Ze wspomnianego raportu „Żywność ekologiczna w Polsce 2021” wynika także, że wartość rynku żywności ekologicznej sięga dziś 1,36 mld zł, podczas gdy w 2004 roku praktycznie nie istniał. Jeszcze kilka lat temu polski rynek w porównaniu na przykład z niemieckim był niewielki ze względu nie tylko na mniejszą świadomość konsumentów, lecz także z uwagi na ceny produktów bio i eko, które były znacznie wyższe niż w przypadku tradycyjnej żywności. Zdaniem eksperta dziś są one zbliżone do cen produktów konwencjonalnych. Kiedy różnica nie jest już tak duża, coraz więcej konsumentów decyduje się na żywność eko.

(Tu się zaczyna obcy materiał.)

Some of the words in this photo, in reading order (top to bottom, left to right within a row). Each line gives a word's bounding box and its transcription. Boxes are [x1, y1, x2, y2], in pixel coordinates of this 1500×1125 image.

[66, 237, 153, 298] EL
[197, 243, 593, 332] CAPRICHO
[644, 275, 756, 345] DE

– Rynek żywności ekologicznej rośnie w Polsce bardzo dynamicznie i wszystko wskazuje na to, że Zielony Ład będzie mobilizował, a niejednokrotnie zmuszał producentów do przechodzenia na produkcję ekologiczną, co tylko spotęguje jej dostępność i szerszą dystrybucję – mówi prezes Soligrano. – Zielony Ład zakłada minimalny poziom upraw ekologicznych w danym kraju czy zwiększone dopłaty unijne dla tych producentów, którzy w tym kierunku pójdą.
Unia Europejska chce, aby w 2030 roku 25 proc. powierzchni rolnej było przeznaczone na produkcję ekologiczną. Obecnie odsetek ten wynosi 8,1 proc., a w Polsce zaledwie ok. 3,5 proc. terenów rolnych należy do ekoproducentów. Na całym świecie ekologicznie uprawiane jest tylko 1,5 proc. powierzchni.

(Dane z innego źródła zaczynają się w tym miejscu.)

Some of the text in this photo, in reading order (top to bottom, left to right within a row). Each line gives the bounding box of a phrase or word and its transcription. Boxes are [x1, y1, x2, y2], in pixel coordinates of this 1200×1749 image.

– Nie każdy może być producentem żywności ekologicznej. Kwestia certyfikacji, rozdzielenia produkcji i udokumentowania jakości tych towarów jest wyzwaniem, z którym nie każdy jest w stanie się zmierzyć. Legislacja i kwestie jakościowe są wyzwaniem, o którym w branży się mówi – podkreśla Kamil Rabenda.

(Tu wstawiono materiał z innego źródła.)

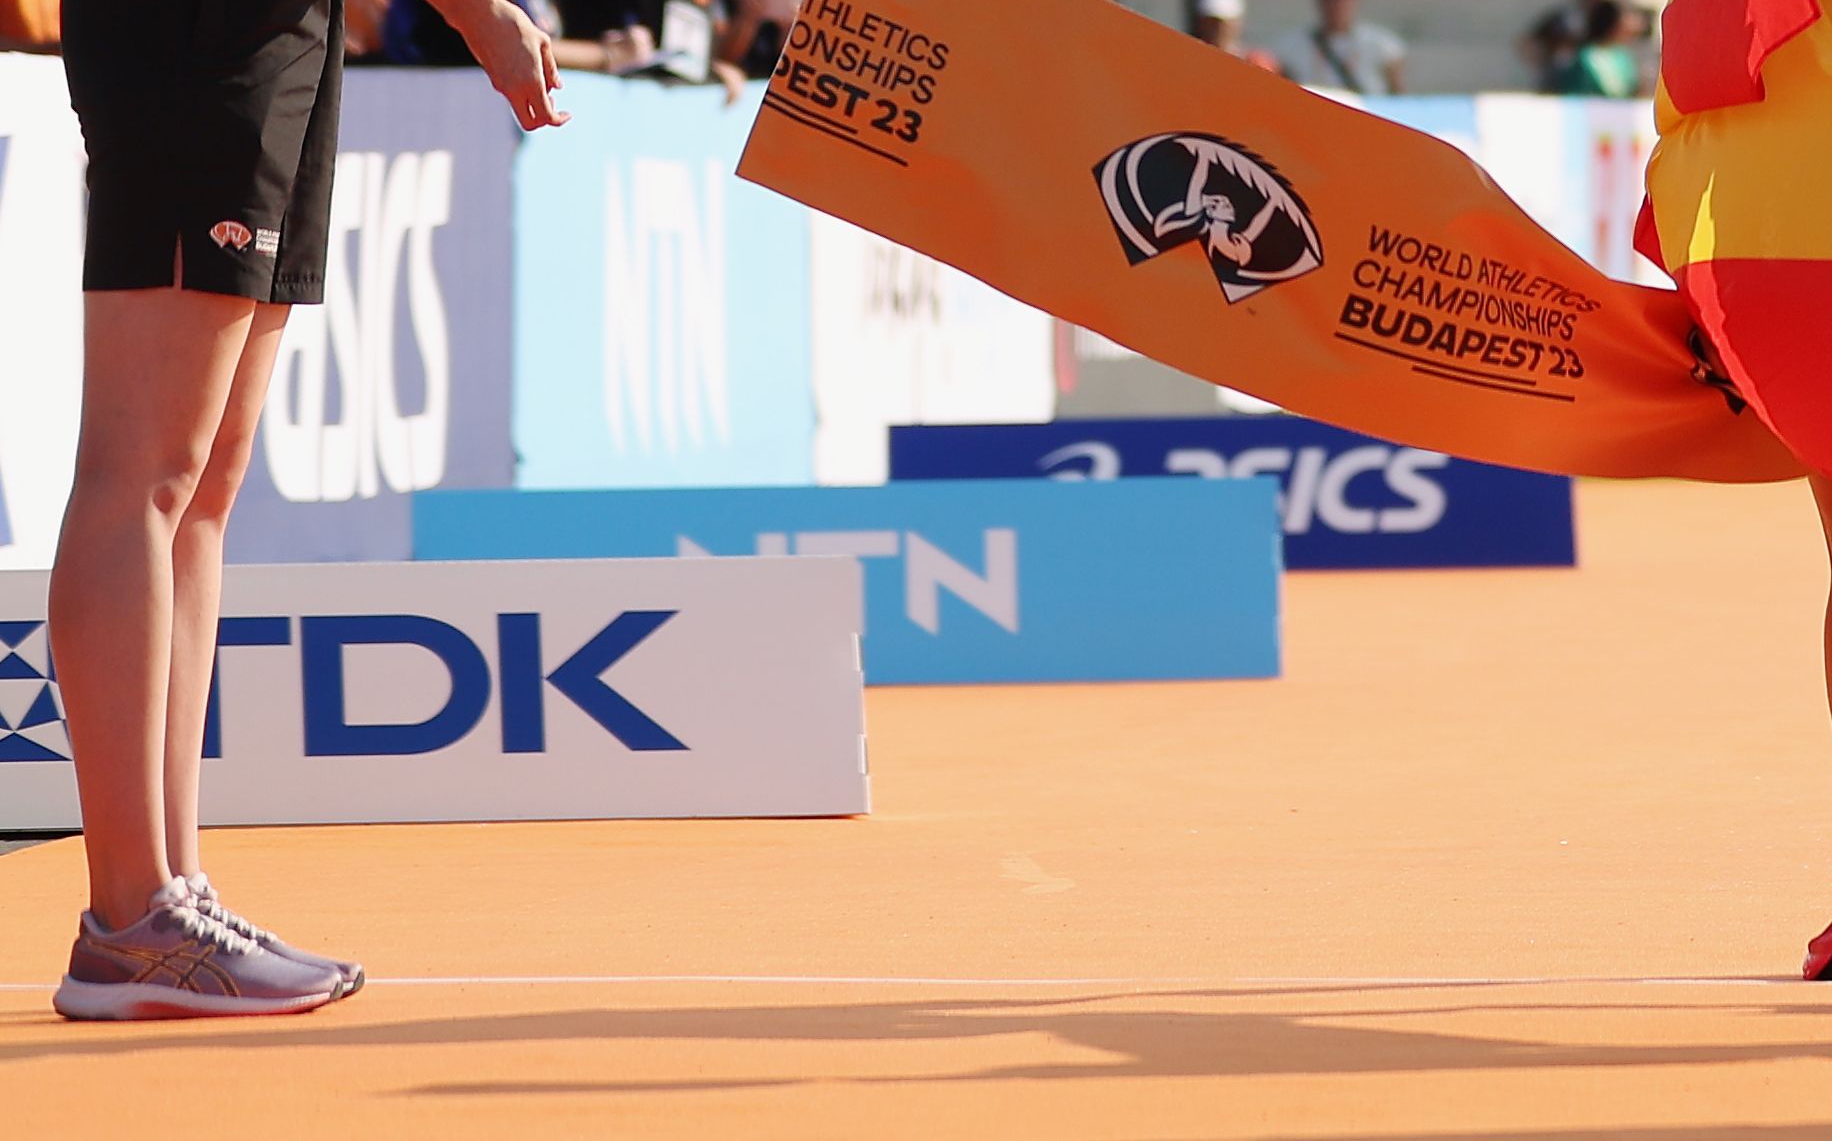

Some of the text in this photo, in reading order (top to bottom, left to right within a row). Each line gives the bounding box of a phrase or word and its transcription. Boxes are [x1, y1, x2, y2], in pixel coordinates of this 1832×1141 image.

[790, 20, 936, 104] ONSHIPS
[870, 99, 923, 143] 23
[602, 154, 732, 460] NTN
[1353, 259, 1577, 341] CHAMPIONSHIPS
[1368, 224, 1601, 312] WORLD ATHLETICS
[1339, 293, 1584, 378] BUDAPEST 23
[1163, 446, 1453, 535] ICS
[675, 527, 1019, 635] TN

Ze statystyk przedstawionych w raporcie „Żywność ekologiczna w Polsce 2021” wynika, że Polska jest dziewiąta w UE pod względem obszaru przeznaczonego pod rolnictwo ekologiczne, siódma pod względem liczby gospodarstw i przetwórców, a 14. pod względem wielkości sprzedaży. Raport wskazuje też, że w latach 2019–2020 co najmniej podwoiła się liczba sklepów internetowych specjalizujących się w sprzedaży żywności ekologicznej. W ubiegłym roku na rynku działało ok. 60 sklepów sprzedających online wyłącznie ekożywność, a ok. 90 łączy taką sprzedaż z działaniami stacjonarnymi. Tego typu oferta na stałe weszła również do większych i mniejszych sieci handlowych.
Certyfikowane produkty bio wyróżnia kilka czynników: zostały wyprodukowane zgodnie z obowiązującymi przepisami dotyczącymi rolnictwa ekologicznego i są wolne od zanieczyszczeń, takich jak: pozostałości środków ochrony roślin i hormonów, a podczas ich produkcji nie stosowano nawozów sztucznych i organizmów zmodyfikowanych genetycznie.